An overview of current cell and gene therapy approaches for inherited skin diseases
New scientific publication with EB House contribution
Currently, there is no cure for the more than 200 known genetic skin diseases that underlie a gene mutation leading to a non-functional protein. Major advances in gene and cell biology made in the last decades have led to a few ex vivo gene therapy approaches applied in patients suffering from skin diseases. Researchers from Italy and the EB House Austria have summed up these strategies and other promising therapies in development in a review article published in Cold Spring Harbor Perspectives in Biology.
Current ex vivo skin gene therapy uses a virus that serves as a “gene taxi” to deliver an intact gene into patient’s own skin cells in the lab, followed by generation of a healthy skin layer, which is transplanted onto wounds. It has soon become clear that the presence of corrected skin stem cells in the transplanted skin is crucial to ensure its permanent regeneration, since they renew themselves a lifelong and generate new skin cells.

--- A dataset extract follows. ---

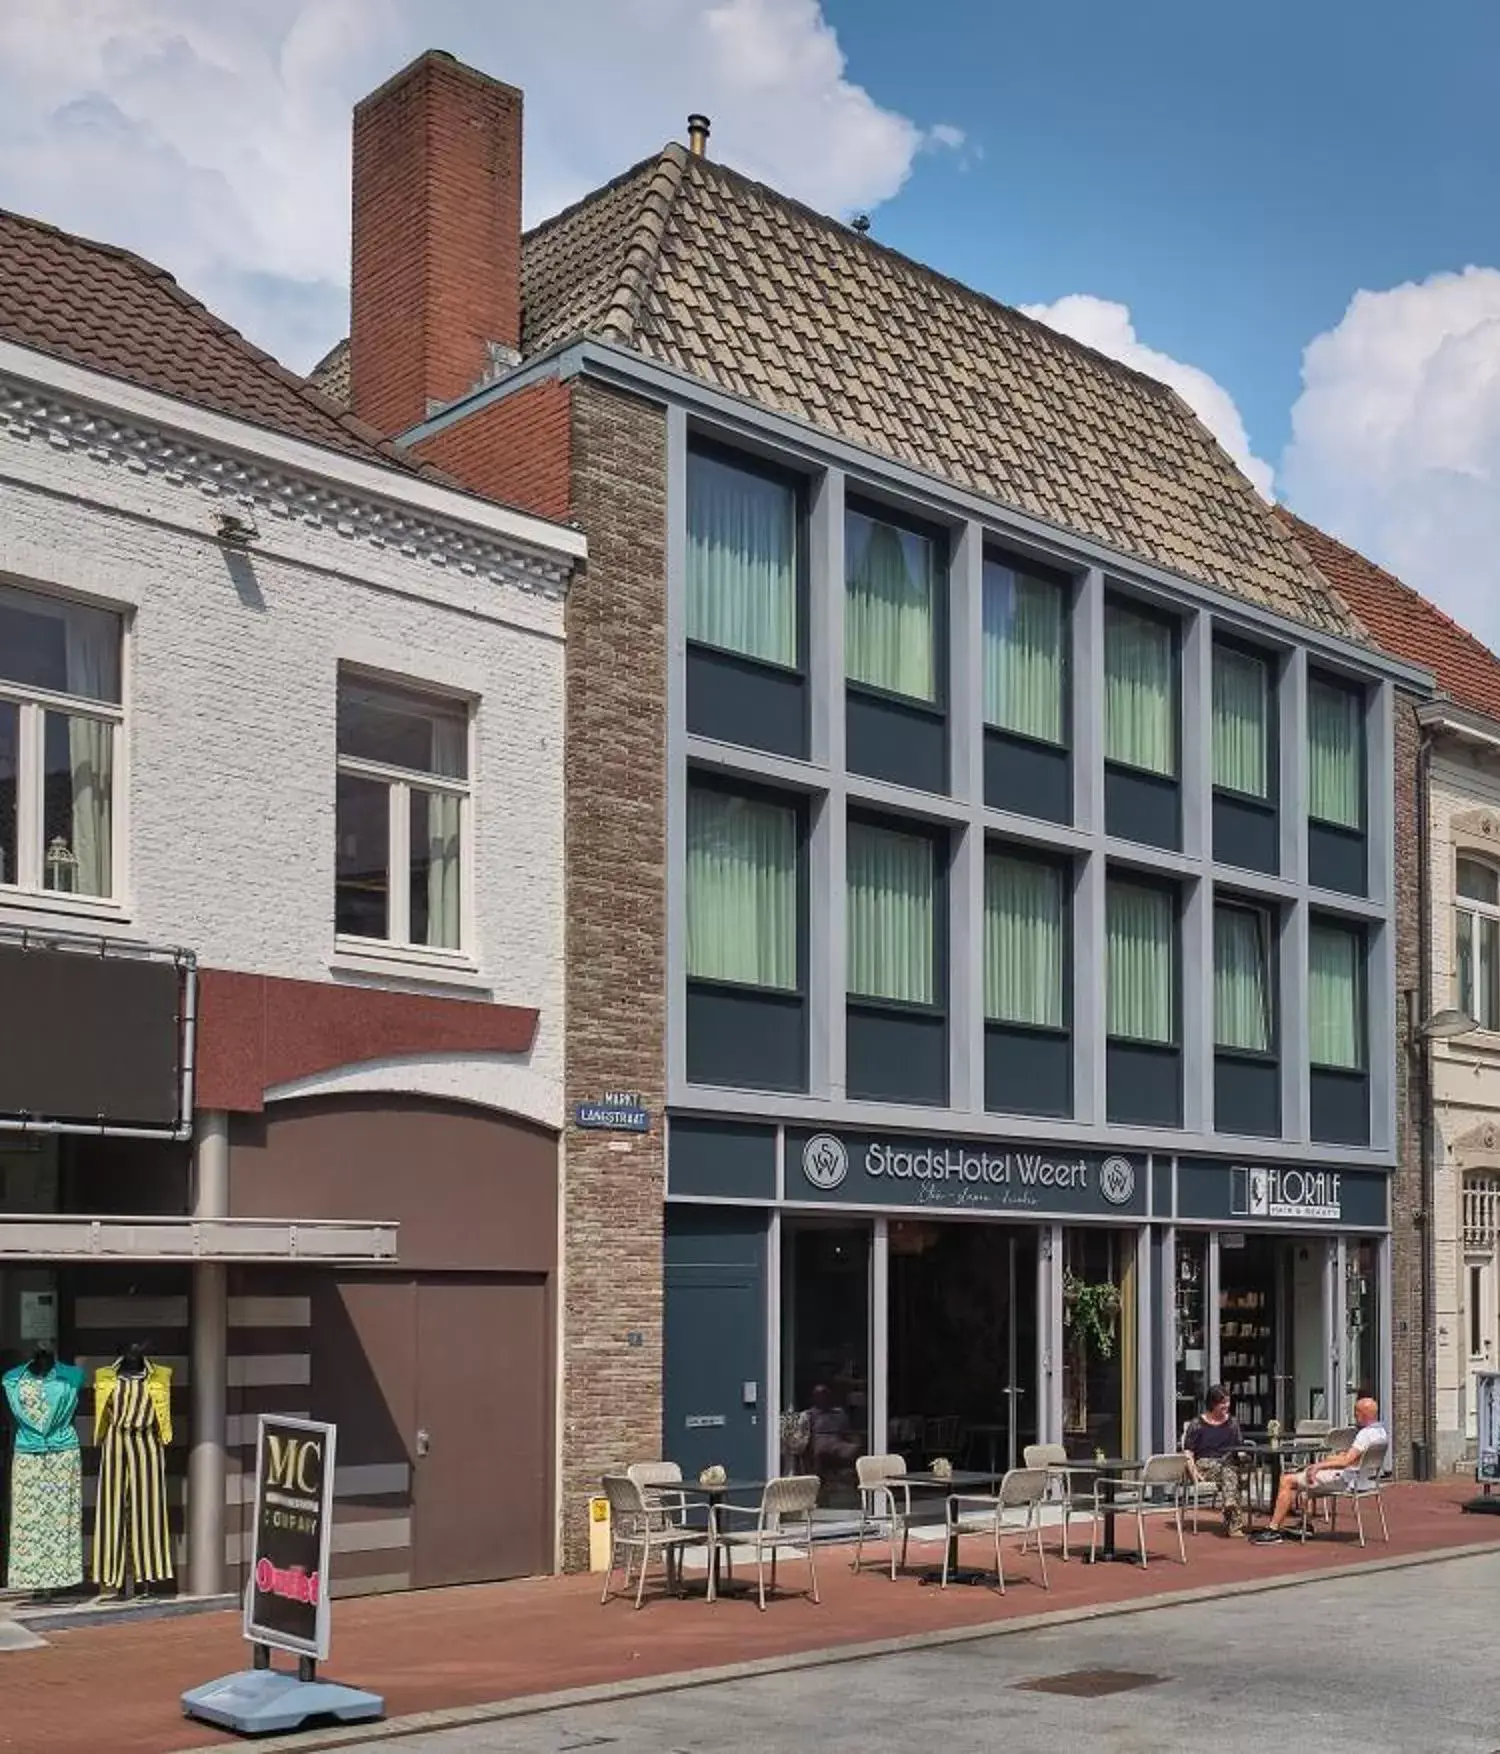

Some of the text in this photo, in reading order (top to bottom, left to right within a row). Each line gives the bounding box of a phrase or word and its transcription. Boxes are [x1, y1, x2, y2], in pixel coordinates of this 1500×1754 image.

[865, 1144, 1087, 1187] StadsHotel Weert
[1268, 1169, 1340, 1206] FLORALE
[266, 1435, 321, 1493] MC
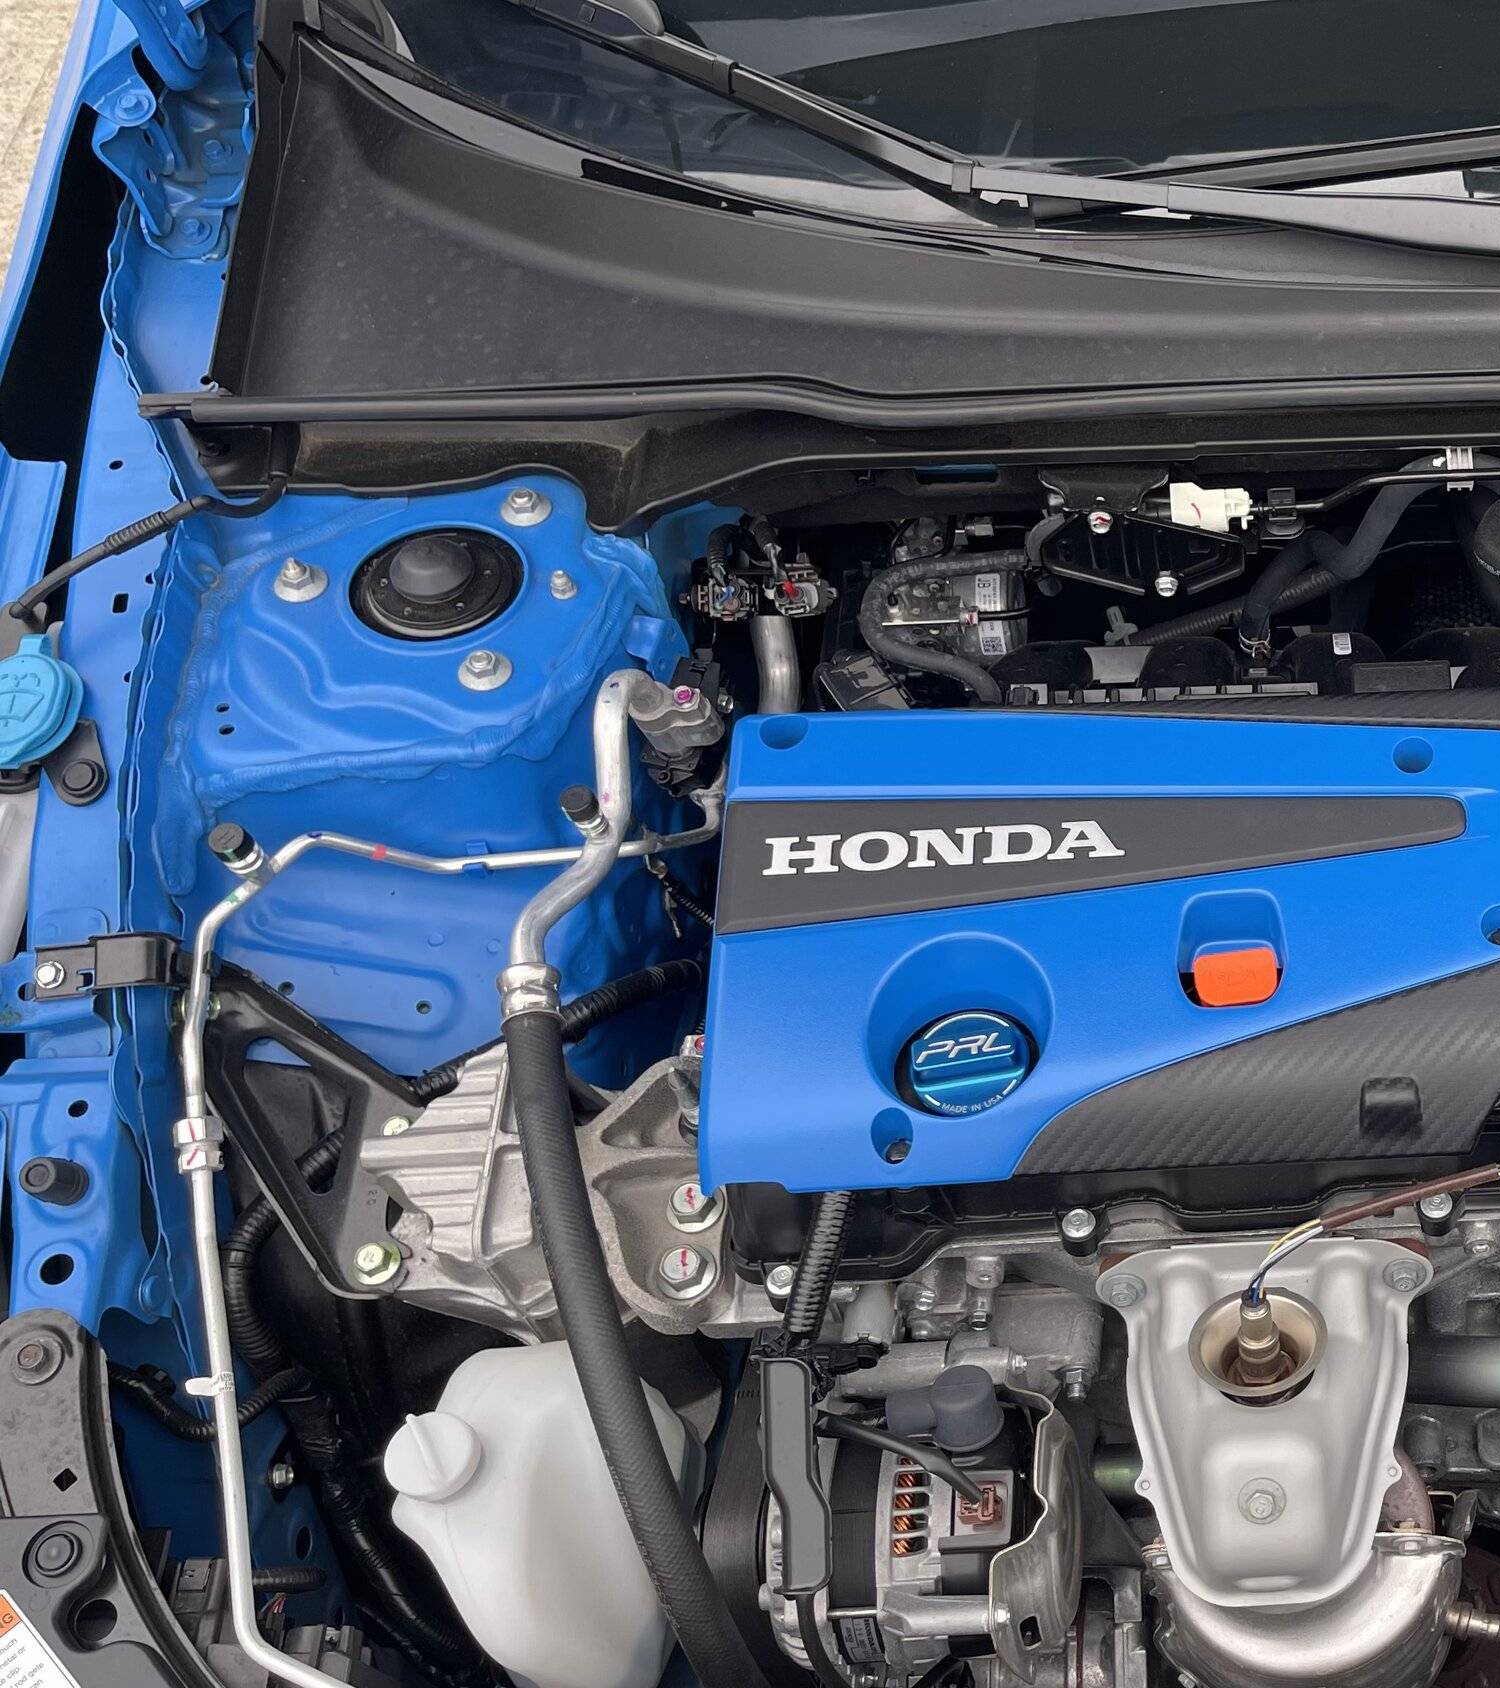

Since the early 1980s, skin stem cells have been transplanted onto patients suffering from massive burns. Twenty years later, the first gene therapy trials were initiated using genetically corrected blood stem cells to treat immune-related diseases. These studies showed excellent clinical results but also serious setbacks, which led to very strict safety requirements for gene therapy treatments. The resulting improved protocols paved the way for the few ex vivo gene therapies recently applied in JEB and RDEB patients. Whereas this treatment was overall successful with no side effects in the treated JEB patients, and even lifesaving for one JEB child, the same protocol used in RDEB patients did not lead to a long-lasting wound closure. One major challenge is the isolation of stem cells from RDEB skin. Thus, approaches have been developed to reprogram normal skin cells into artificial stem cells. However, for their use in the clinics, safety aspects still need to be clarified.
These studies made clear that the success of a therapy depends on the individual characteristics of the patient. The currently most promising personalized ex vivo gene therapy uses the modern and virus-free gene editing method CRISPR. Until its clinical application, however, assessments of safety and efficacy are still required.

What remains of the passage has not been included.